The firm highlighted the bank’s strong capital generation, profitability and projected 100% dividend payout, describing it as the strongest capital-return story among the banks under coverage. Roemer Capital maintained its buy rating on Eurobank, assigning a target price of €4.90 and forecasting potential upside of 28%. The report said the bank is well placed to benefit from loan growth, improving operating performance and merger-and-acquisition synergies.

National Bank of Greece and Piraeus Bank also retained buy ratings, with expected returns ranging from 25% to 36%. Optima Bank was upgraded to buy, while Alpha Bank remained at hold on valuation grounds.

Why Growth Still Sets The Region Apart

According to Roemer Capital, Greek and Cypriot banks continue to benefit from stronger economic fundamentals than many western European peers. The report pointed to faster economic growth, healthier balance sheets, low levels of non-performing exposures, capital ratios approaching 20% and strong customer deposit bases.

Analysts expect performing loans across the sector to grow at a compound annual rate of 6% to 8% through 2028, supported by private investment, digitalisation, green manufacturing, supply-chain expansion and a gradual recovery in household lending.

The report also said the conclusion of lending under the EU Recovery and Resilience Facility is unlikely to materially affect credit growth, as banks have already shifted back towards traditional commercial lending.
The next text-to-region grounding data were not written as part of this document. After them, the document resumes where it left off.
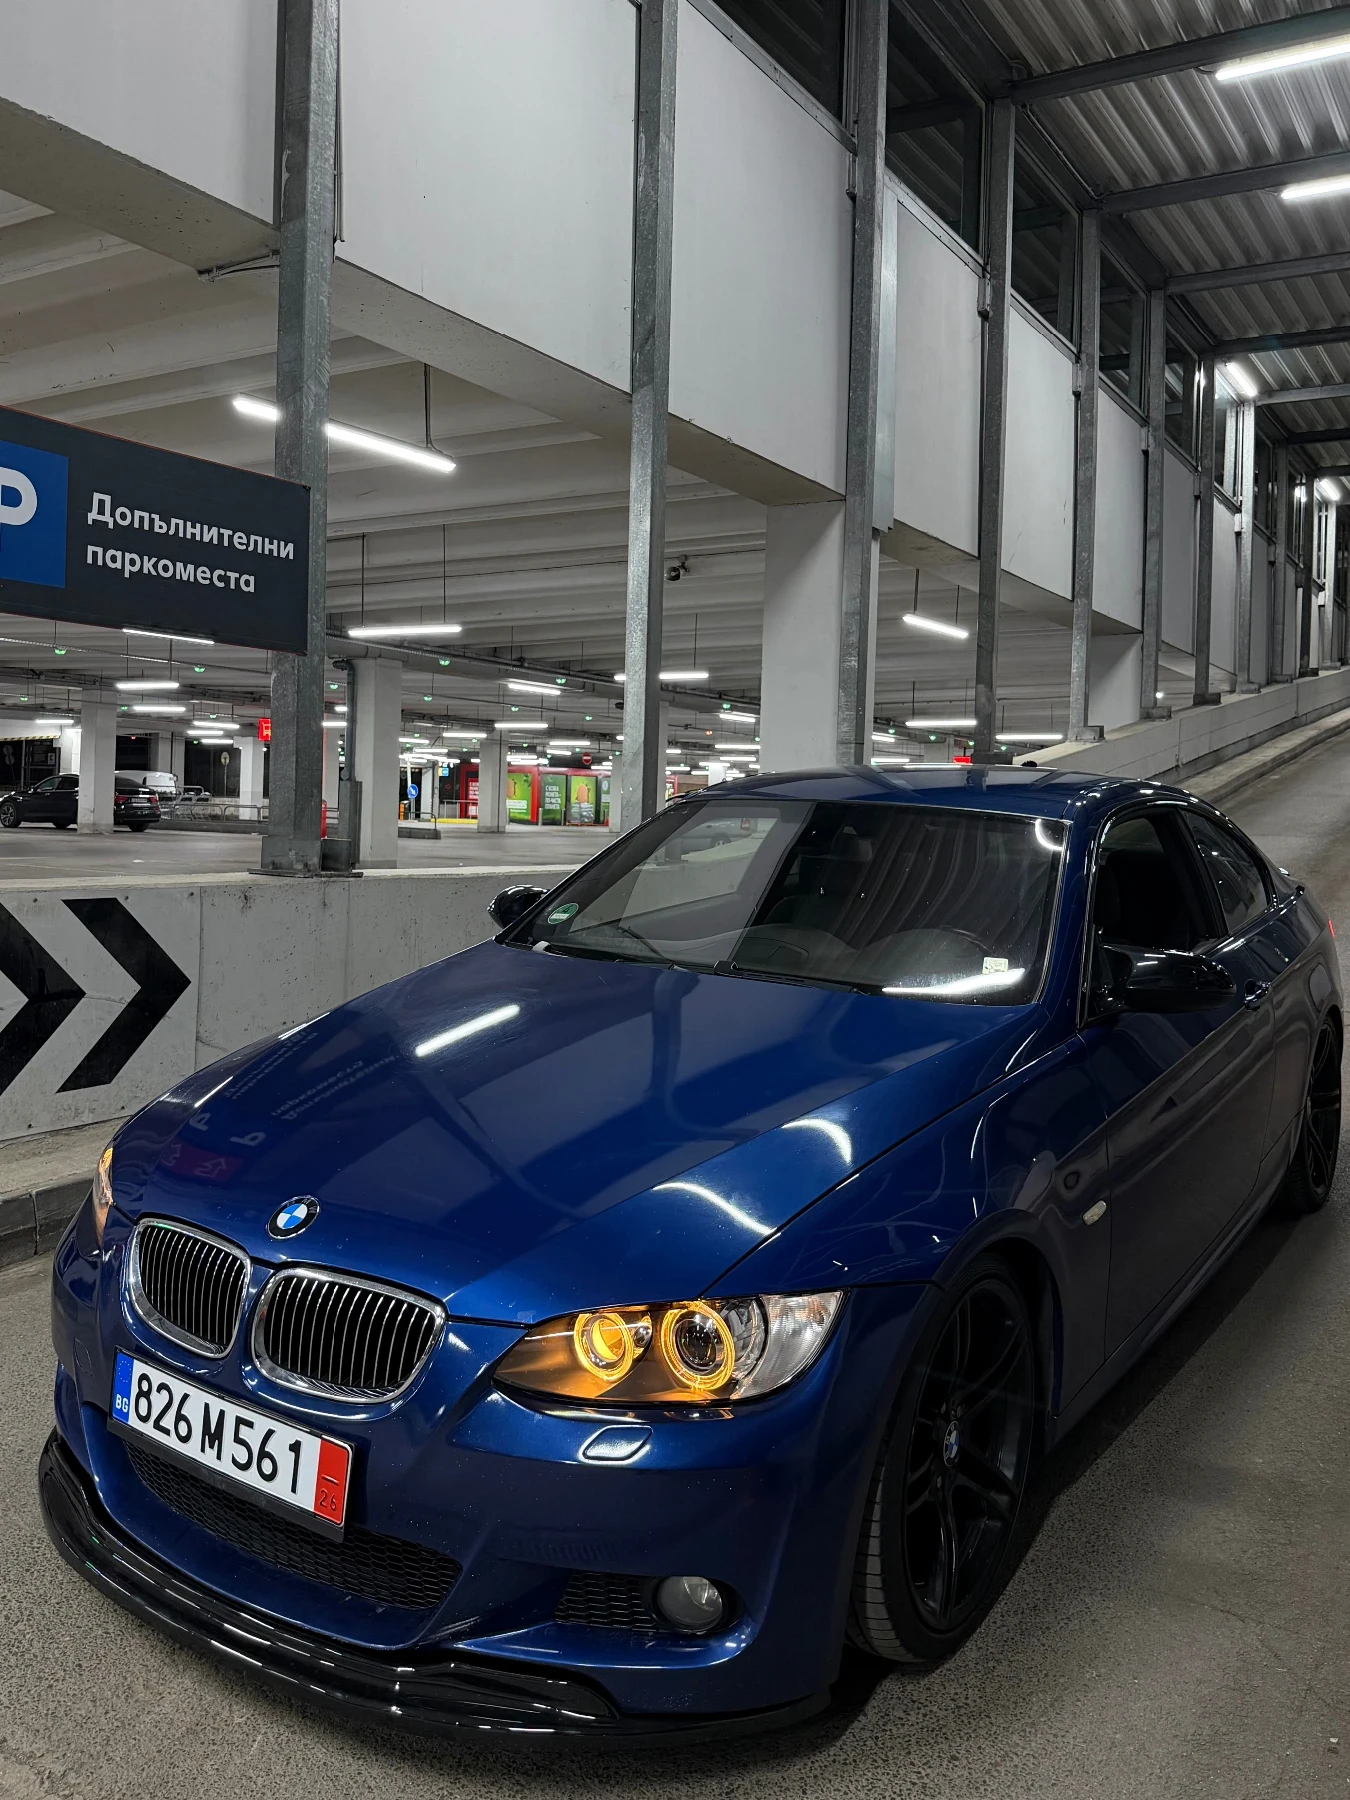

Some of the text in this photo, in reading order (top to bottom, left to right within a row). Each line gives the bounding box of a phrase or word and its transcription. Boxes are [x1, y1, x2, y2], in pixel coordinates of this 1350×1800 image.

[87, 491, 294, 560] Допълнителни
[86, 544, 255, 593] паркоместа
[115, 1394, 129, 1413] BG
[320, 1489, 337, 1511] 26
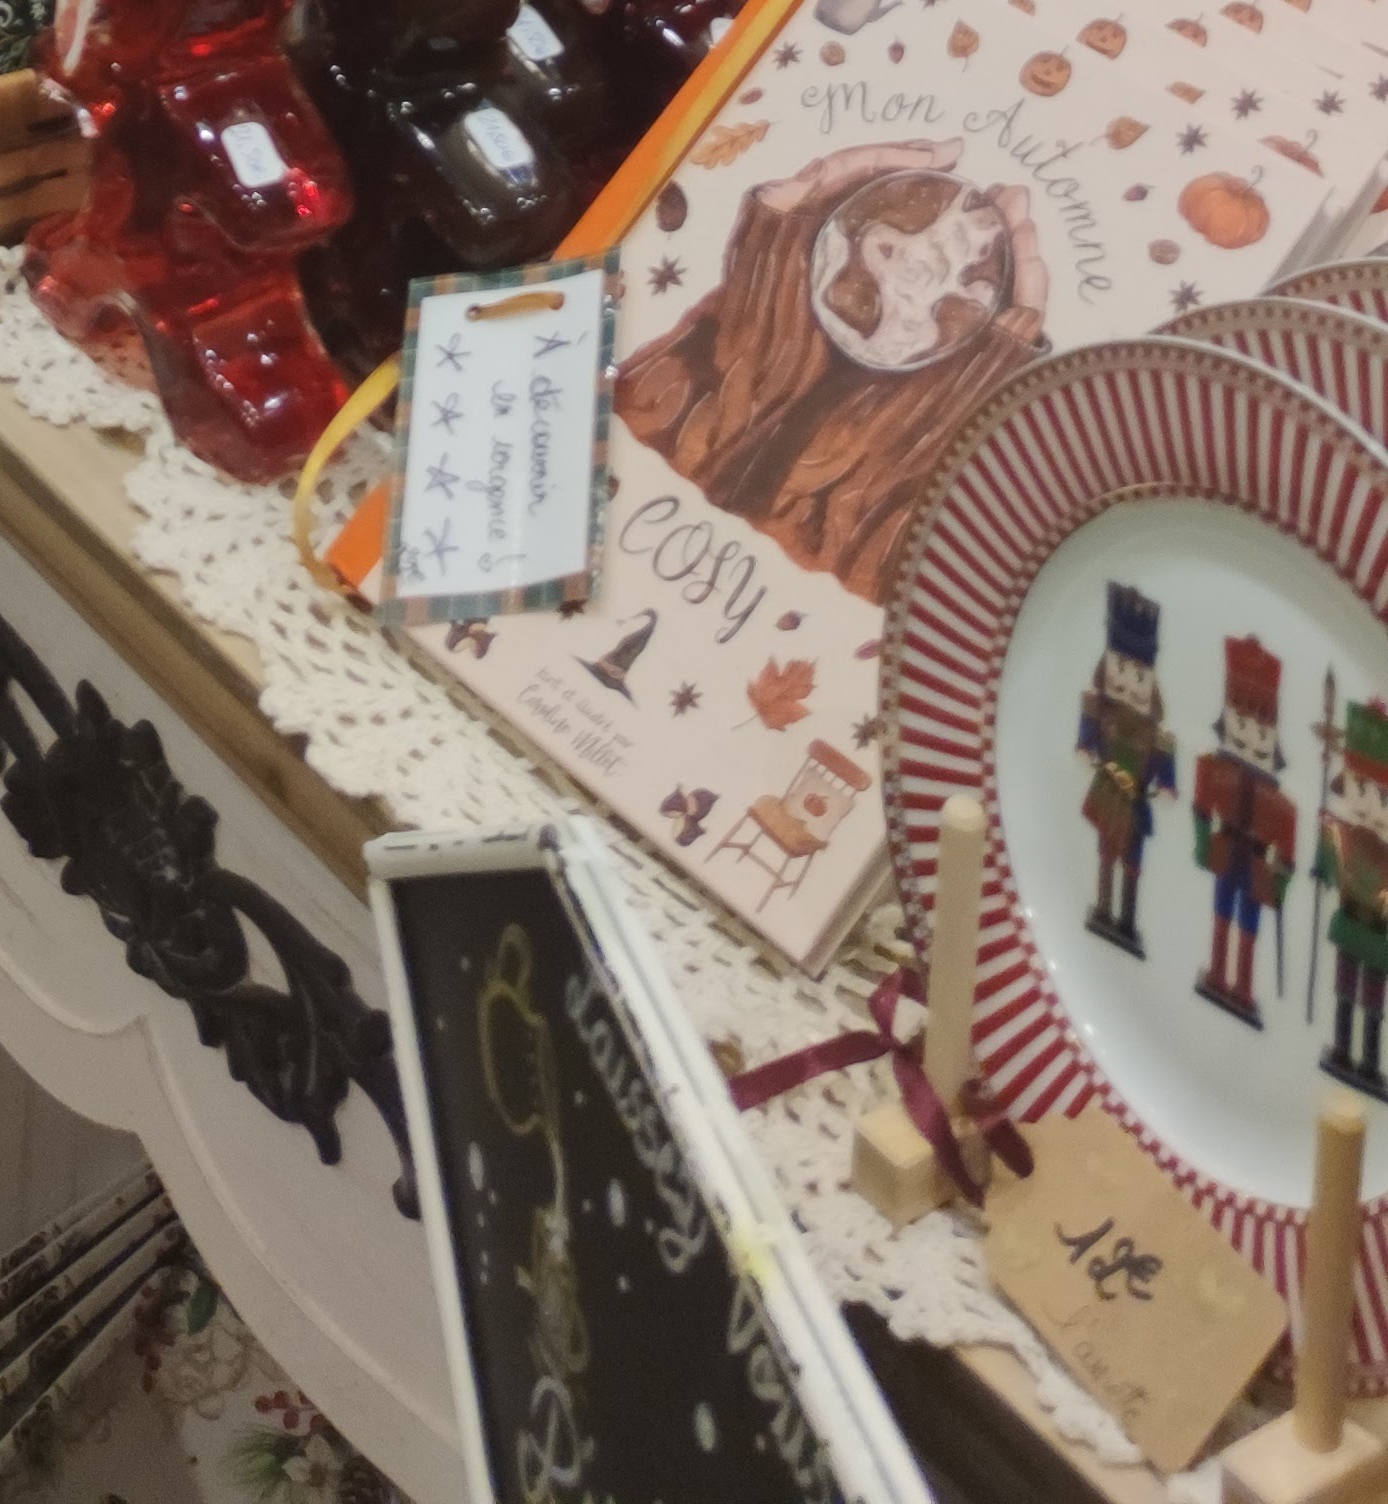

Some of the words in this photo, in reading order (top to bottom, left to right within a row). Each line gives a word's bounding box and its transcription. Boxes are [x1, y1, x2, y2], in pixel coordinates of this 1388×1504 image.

[801, 80, 947, 136] Mon
[963, 97, 1113, 306] Automne
[619, 493, 768, 645] COSY
[1054, 1215, 1164, 1301] 12€
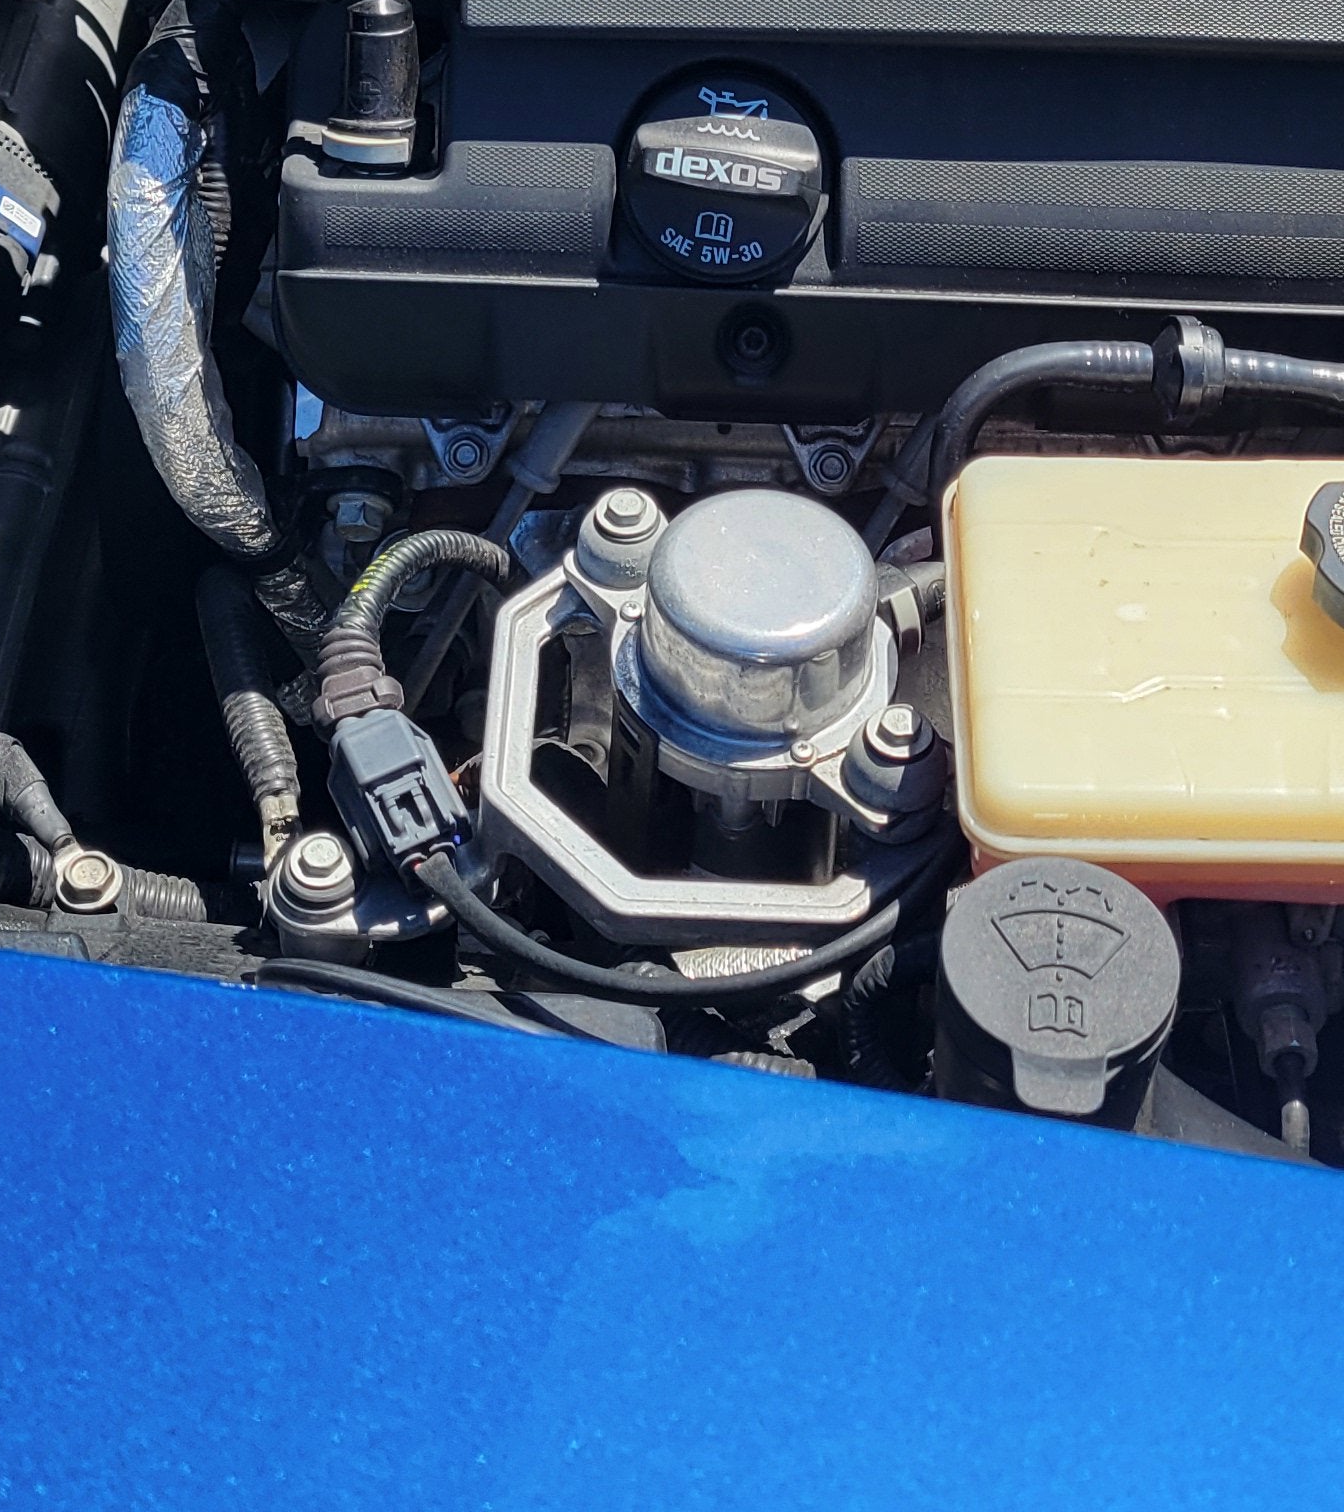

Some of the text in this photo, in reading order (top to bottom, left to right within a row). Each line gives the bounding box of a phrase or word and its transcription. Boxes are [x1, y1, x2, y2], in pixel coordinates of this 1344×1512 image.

Roemer Capital expects Euribor to remain between 2.2% and 2.5%, a level it believes should support both lending activity and net interest margins.

Geopolitics, Valuation And Market Structure Support The Case

The report said improving geopolitical conditions have strengthened the investment outlook, noting that Brent crude prices have largely returned to pre-war levels while Greek government bond yields have stabilised at around 3.5%. Although geopolitical risks remain, Roemer Capital believes the likelihood of a major inflationary shock or significant pressure on bank profitability has eased.

Another important catalyst identified by the firm is Greece’s expected promotion to developed-market status by FTSE Russell, STOXX and MSCI over the coming months.

According to the report, the reclassification should improve liquidity and attract a broader base of international investors. Roemer Capital also said Euronext’s acquisition of the Athens Exchange is expected to strengthen market infrastructure and increase international visibility, particularly for Bank of Cyprus and Optima Bank.

The firm noted that Bank of Cyprus has already benefited from its Athens listing, with average daily trading value increasing from less than €400,000 before its September 2024 move to nearly €6 million afterwards.

Economic Momentum Remains A Core Tailwind

Roemer Capital said both Greece and Cyprus have moved beyond post-crisis recovery and are now supported by private-sector-led growth. For Cyprus, the report highlighted recent tax reform and efforts to simplify the legal and regulatory framework, while also noting that limited foreign banking competition continues to support domestic lenders.

Overall, Roemer Capital expects Greek and Cypriot banks to remain well-positioned for profitable loan growth over the coming years.